Work request:
Your task is to repeat the entries underneath exactly, minus the pictures.

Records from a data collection
☆ ☆ ☆ ☆ ☆ ☆ ☆
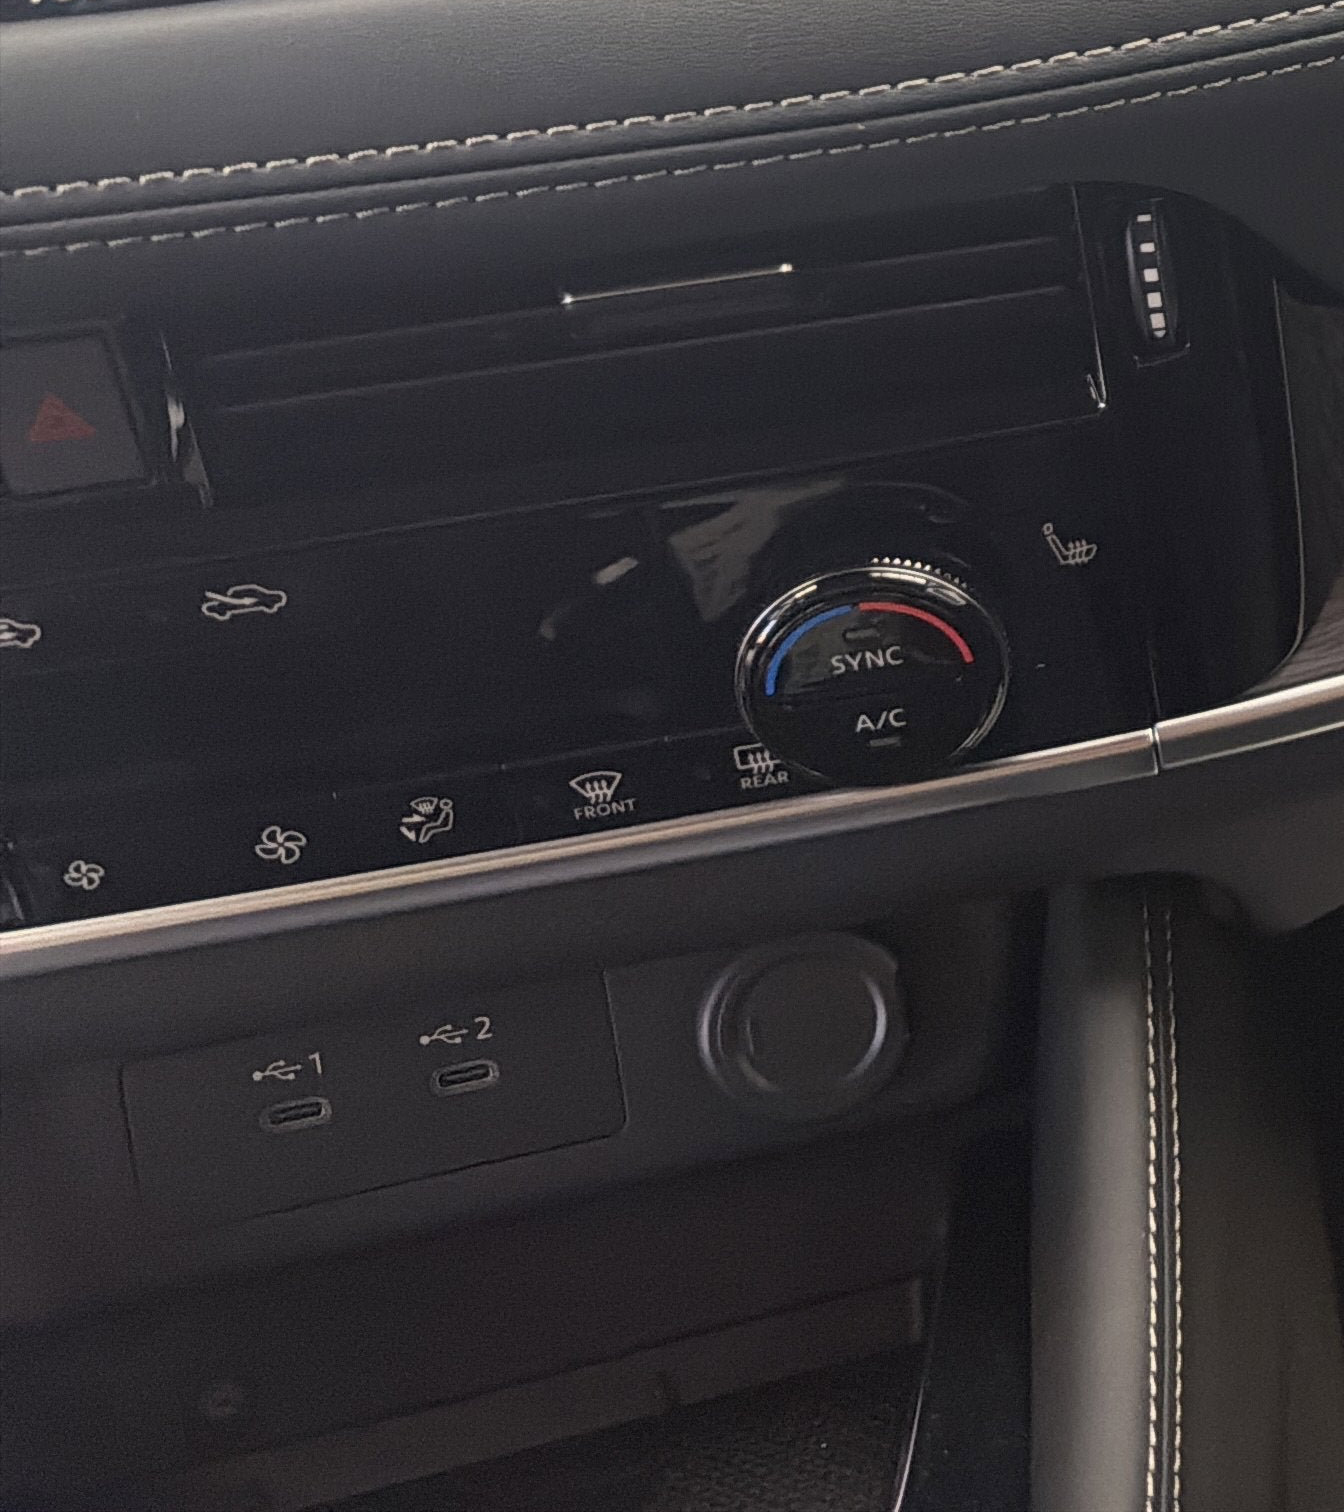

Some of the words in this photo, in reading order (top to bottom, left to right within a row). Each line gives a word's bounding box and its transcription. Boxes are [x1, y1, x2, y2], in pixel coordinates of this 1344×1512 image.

[830, 645, 905, 675] SYNC
[854, 708, 907, 733] A/C
[740, 770, 790, 789] REAR
[573, 797, 637, 821] FRONT
[473, 1016, 493, 1039] 2
[307, 1052, 323, 1075] 1
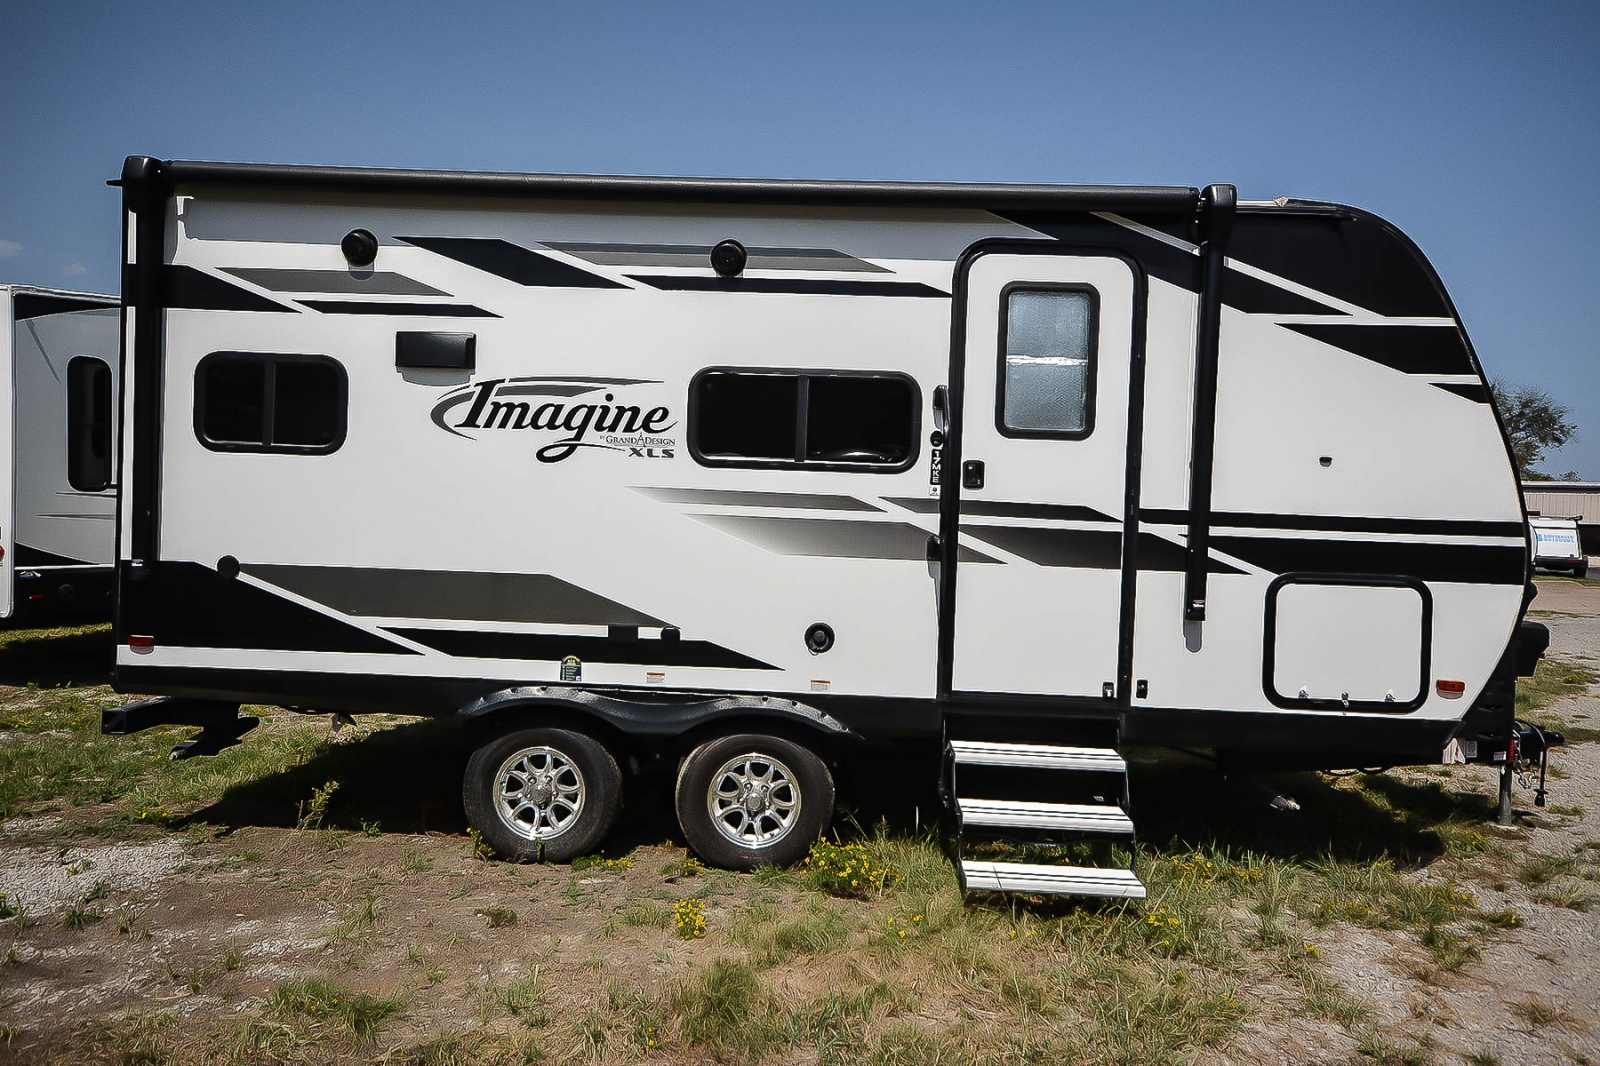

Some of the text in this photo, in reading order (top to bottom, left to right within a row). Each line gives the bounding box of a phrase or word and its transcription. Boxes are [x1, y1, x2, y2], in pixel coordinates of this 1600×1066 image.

[454, 378, 678, 463] Imagine
[605, 435, 637, 445] GRAND
[645, 437, 676, 446] DESIGN
[628, 447, 675, 459] XLS
[931, 451, 941, 484] 17MKE
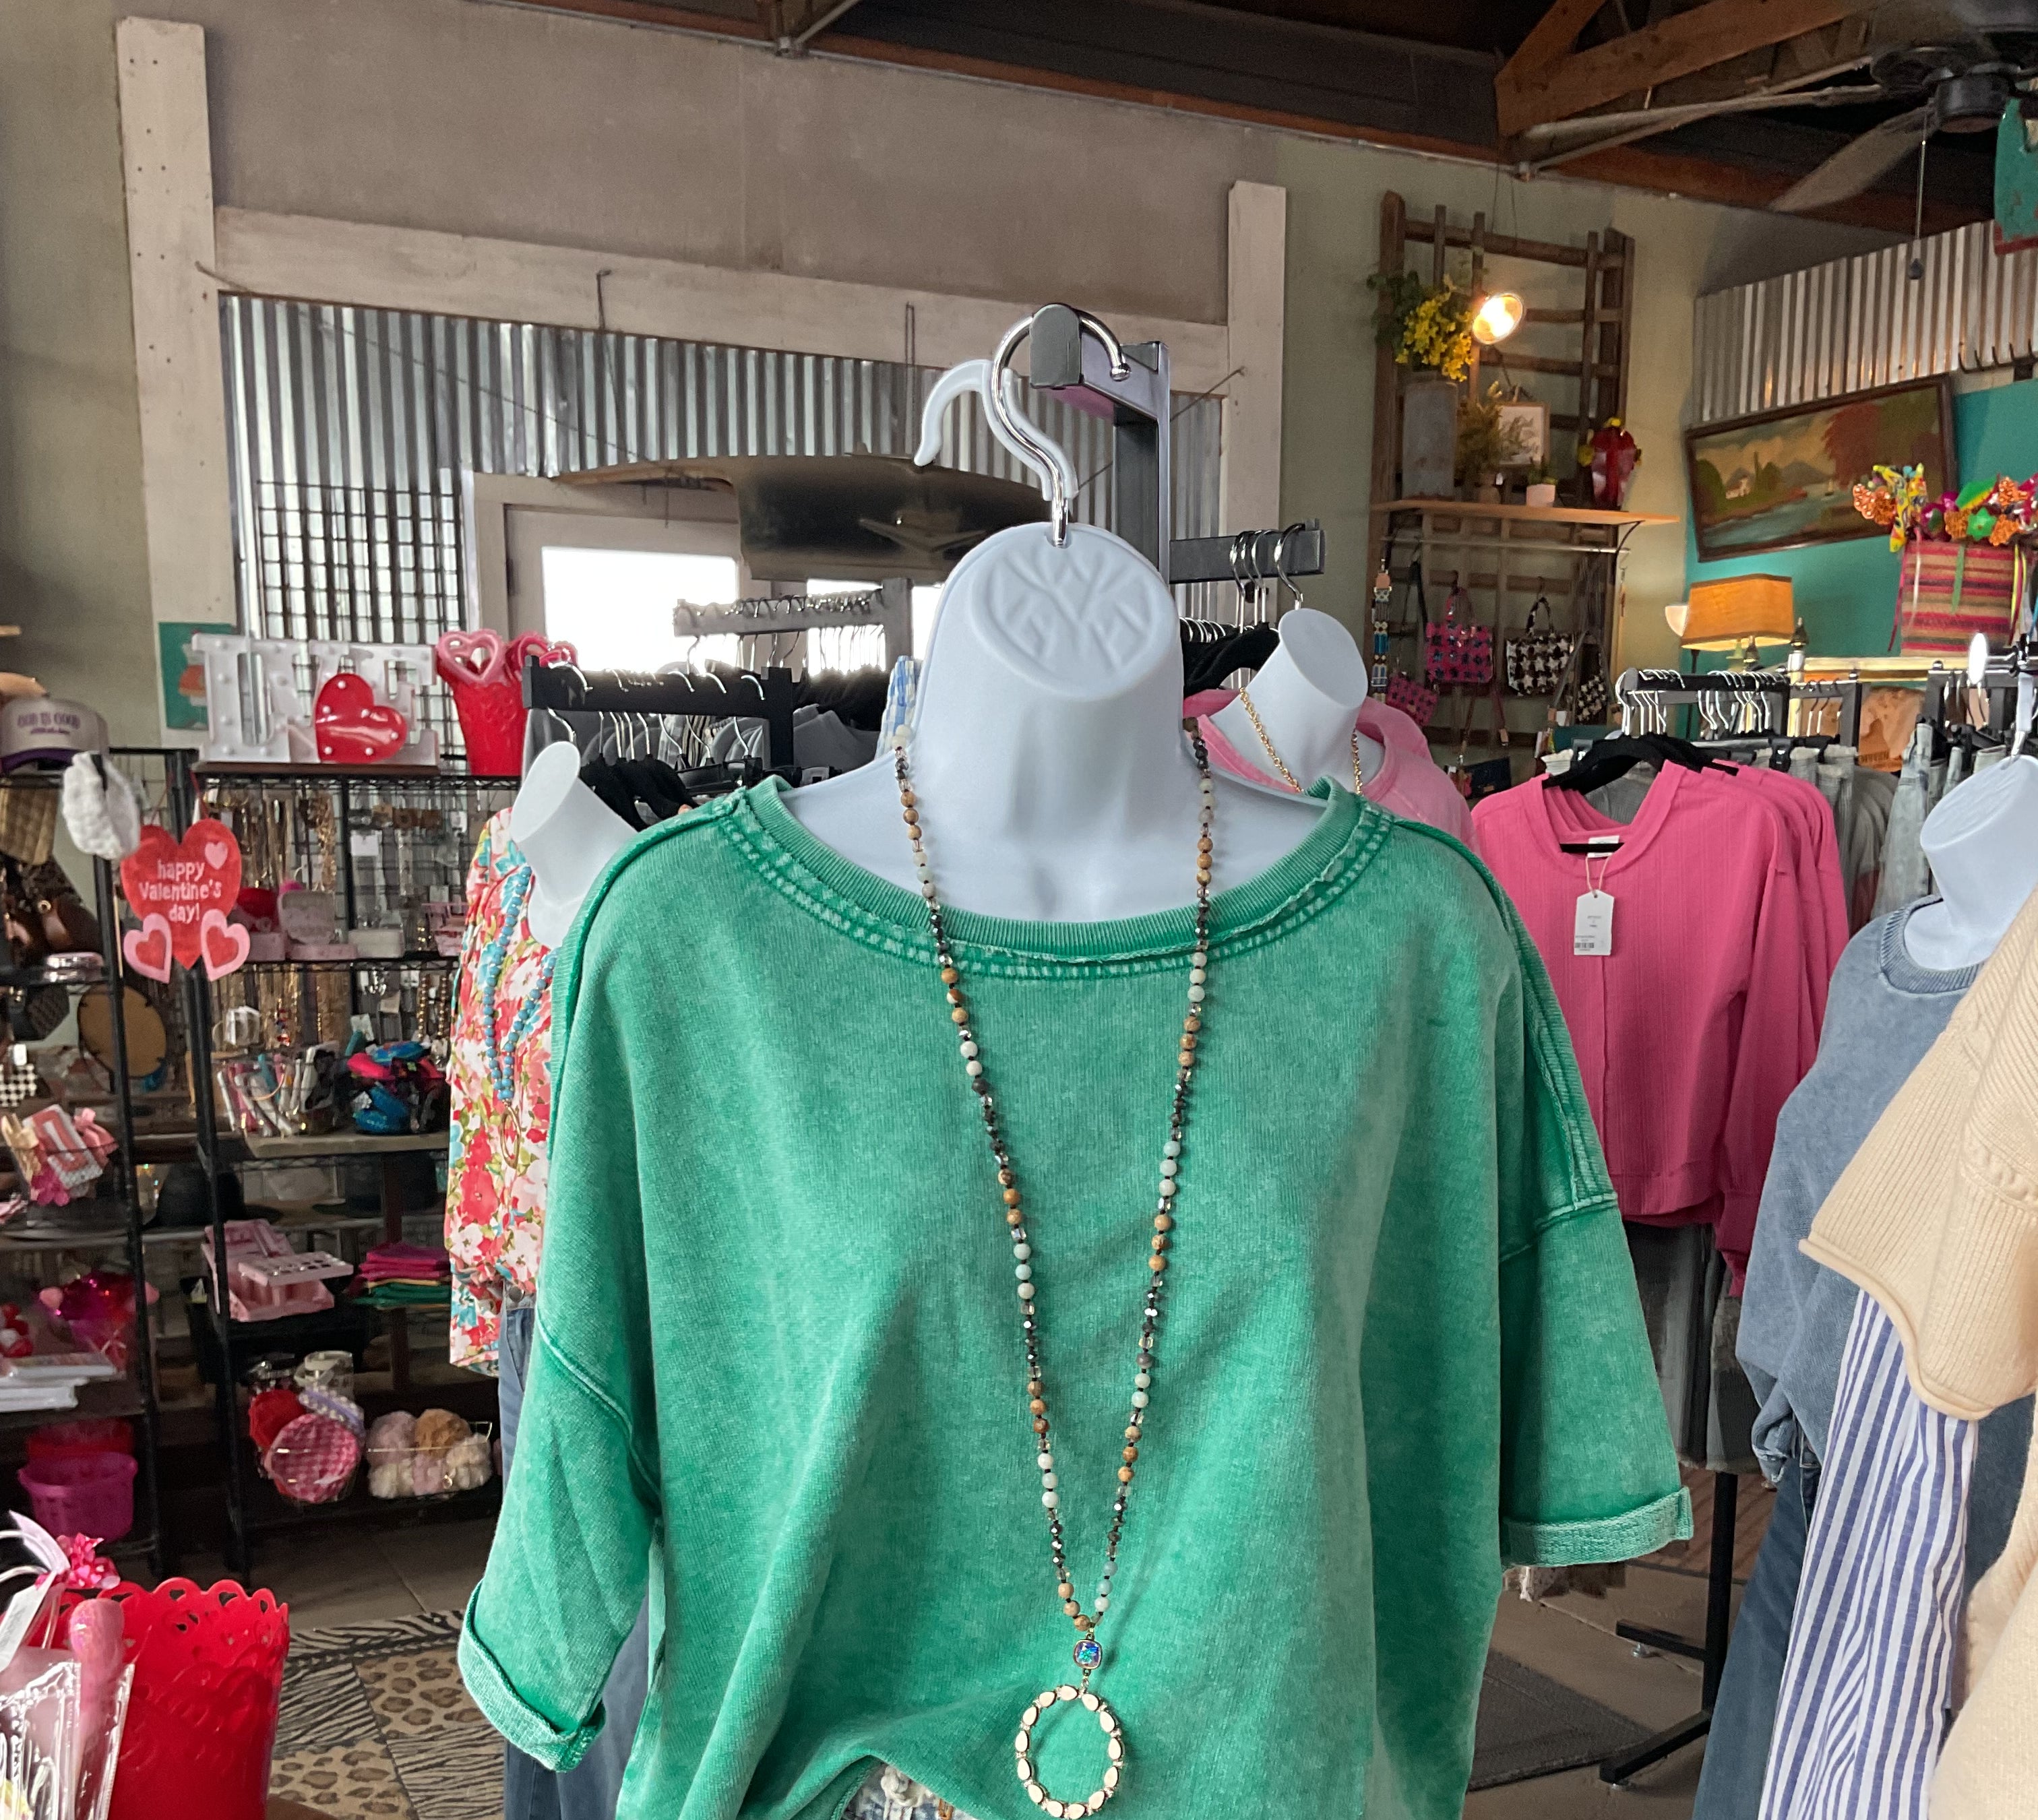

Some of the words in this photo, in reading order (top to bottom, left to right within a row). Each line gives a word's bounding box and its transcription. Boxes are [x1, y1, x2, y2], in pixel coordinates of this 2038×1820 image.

[158, 859, 205, 881] happy
[139, 879, 222, 901] Valentine's
[169, 903, 200, 924] day!
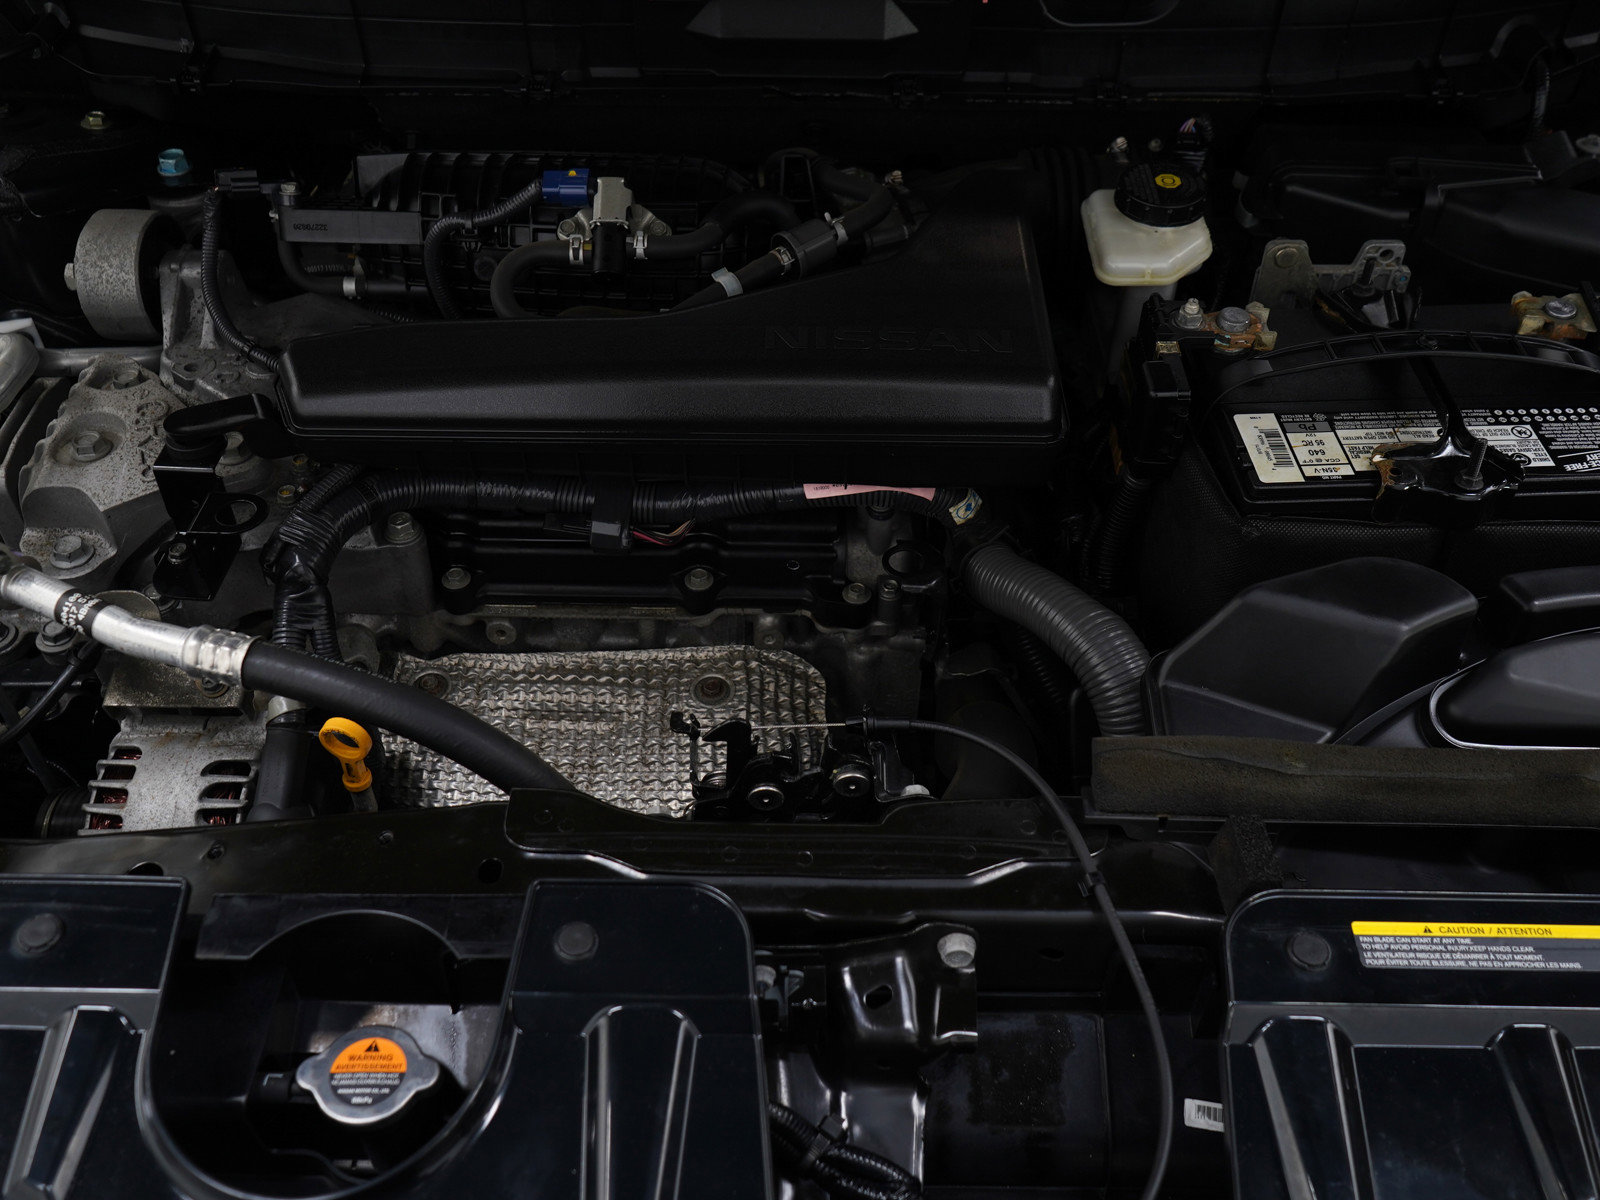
☆ ☆ ☆ ☆ ☆ ☆ ☆
Solution to this task:
Some of the words in this photo, in reading order (top to bottom, left to right within a row). Each line gives a word's bounding box and its transcription. Boxes are [x1, y1, x2, y2], in pixel coordinates of this 1344×1512 image.

[830, 645, 905, 675] SYNC
[854, 708, 907, 733] A/C
[740, 770, 790, 789] REAR
[573, 797, 637, 821] FRONT
[473, 1016, 493, 1039] 2
[307, 1052, 323, 1075] 1

Some of the text in this photo, in reading order (top to bottom, left to right within a row). Each line gives the bounding box of a phrase or word and its transcription. Boxes are [x1, y1, x2, y2], in pixel coordinates of this 1600×1066 image.

[454, 378, 678, 463] Imagine
[605, 435, 637, 445] GRAND
[645, 437, 676, 446] DESIGN
[628, 447, 675, 459] XLS
[931, 451, 941, 484] 17MKE

Some of the words in this photo, in reading order (top to bottom, left to right within a row). Each line gives a word's bounding box and its transcription. Boxes are [x1, y1, x2, y2], in pixel coordinates of this 2038×1820 image.

[158, 859, 205, 881] happy
[139, 879, 222, 901] Valentine's
[169, 903, 200, 924] day!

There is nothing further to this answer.